Le chien de garde du Québec en matière de protection des renseignements personnels, la Commission d’accès à l’information du Québec (la «CAI») lançait il y a quelques jours un portail visant à disséminer plus d’information quant aux suites du Projet de loi 64.

Comme on s’en souviendra, le Québec adoptait sa Loi modernisant des dispositions législatives en matière de protection des renseignements personnels plus tôt cet automne, laquelle représente une brisure substantielle avec la loi désuète de 1994, avec laquelle nous nous débrouillons de façon de moins en moins élégante depuis lors.

L’outil nommé «Espace évolutif – Projet de loi 64» vise en effet à démystifier la nouvelle mouture de la loi québécoise en matière de renseignements personnels. Pour ce faire, l’espace se décline en deux sections, à savoir une première section d’aperçu général de la nouvelle loi et une seconde visant à expliquer individuellement ses dispositions spécifiques, telles que regroupées par une trentaine de thèmes tels la biométrie, l’anonymisation des données, le droit à la désindexation, etc. La CAI affirme d’ailleurs qu’elle supplémentera graduellement le contenu de son espace en y ajoutant divers outils d’accompagnement et de sensibilisation.

Rappelons que la nouvelle mouture de la loi entrera progressivement en vigueur au cours des prochaines années, débutant le 22 septembre 2022 et s’échelonnant ensuite sur 2023 et 2024, avant d’être pleinement en vigueur. En attendant, il s’agit ici d’une bonne initiative afin de faciliter la compréhension du nouvel encadrement de la question au Québec, particulièrement pour les entreprises elles-mêmes, dont plusieurs peine à réaliser l’ampleur de ce qui est à se passer, au Québec, côté renseignements personnels. Cela ne peut pas faire de tord!

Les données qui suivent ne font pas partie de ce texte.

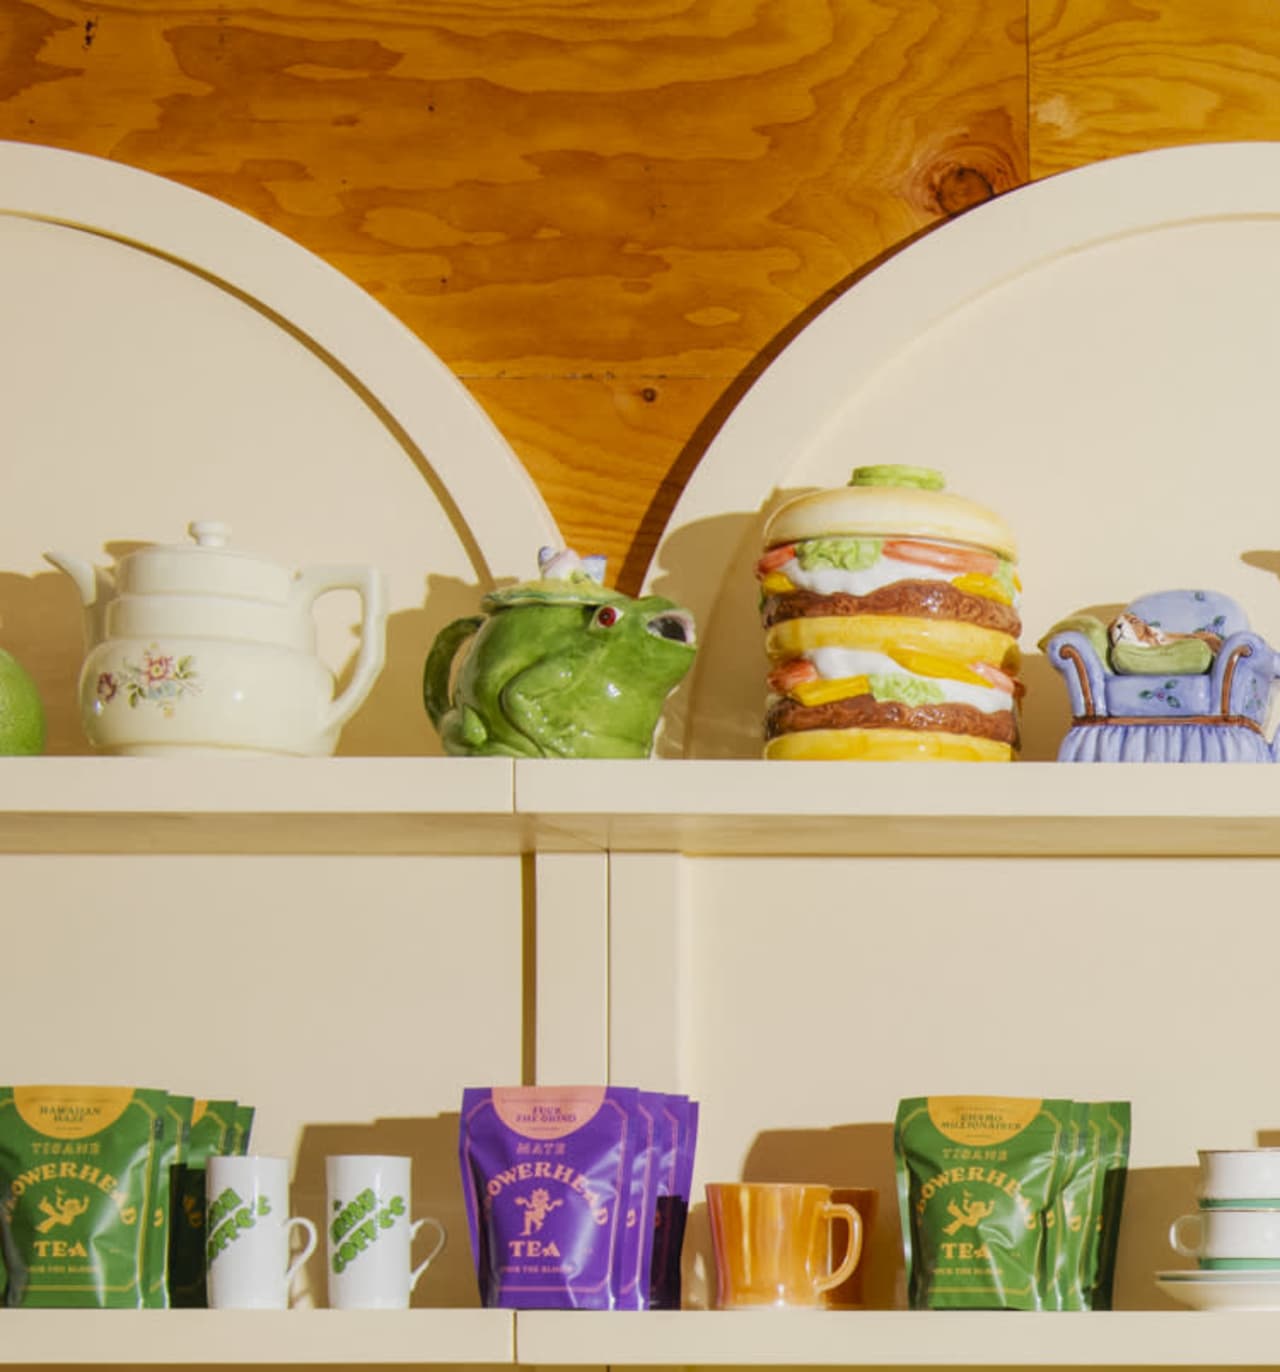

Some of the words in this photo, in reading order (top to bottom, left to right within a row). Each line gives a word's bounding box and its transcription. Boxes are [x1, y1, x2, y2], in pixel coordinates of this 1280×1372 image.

La province cesse d’exiger l’inscription des concours internationaux au Québec

Avez-vous déjà remarqué que de nombreux règlements de concours d’ampleur, souvent ceux organisés par des multinationales, comprennent une exclusion à l’effet qu’ils ne sont pas ouverts aux résidents du Québec? Cette pratique très fréquente pourrait bientôt devenir chose du passé.

Comme vous le savez probablement, le Québec possède une loi (la Loi sur les loteries, les concours publicitaires et les appareils d’amusement) exigeant que les organisateurs de la plupart des concours promotionnels les inscrivent auprès de la Régie des alcools des courses et des jeux (la «Régie»), en plus de payer certains frais, etc. Récemment, le Québec a amendé le règlement d’application de la loi en question, pour permettre aux entreprises qui en organisent à l’étranger de ne plus devoir s’inscrire au Québec, afin de permettre au Québécois d’y participer.

Cet amendement est entré en vigueur le 2 juin 2021.

Bien que les règles de base demeurent pour les entreprises d’ici (et leurs concours destinés seulement aux Québécois ou aux Canadiens), ce sont les multinationales qui bénéficieront particulièrement des nouvelles règles, alors que la nouvelle exemption s’appliquera lorsqu’un concours est ouvert aussi à des résidents de l’extérieur du Canada. Quand c’est le cas, les organisateurs n’auront plus à déclarer leur concours à l’avance auprès de la Régie, ni à payer les frais (de 0,5% des prix à gagner) à la Régie.

Dorénavant, les entreprises de l’extérieur du Québec pourraient donc cesser d’exclure presque systématiquement les résidents de la province du Québec dans leurs règlements de concours. Remarquez, on pourrait bien continuer à voir cette exclusion commune pendant des années, force d’habitude des services juridiques des multinationales.

D’ailleurs, il faut aussi comprendre que les règles de la Charte de la langue françaises, elles, continueront évidemment de s’appliquer à tous les concours couvrant le Québec, si bien que les entreprises pourrait devoir traduire en français tout ce qui a trait à leurs concours (dont les règlements) si des Québécois sont habilités à y participer.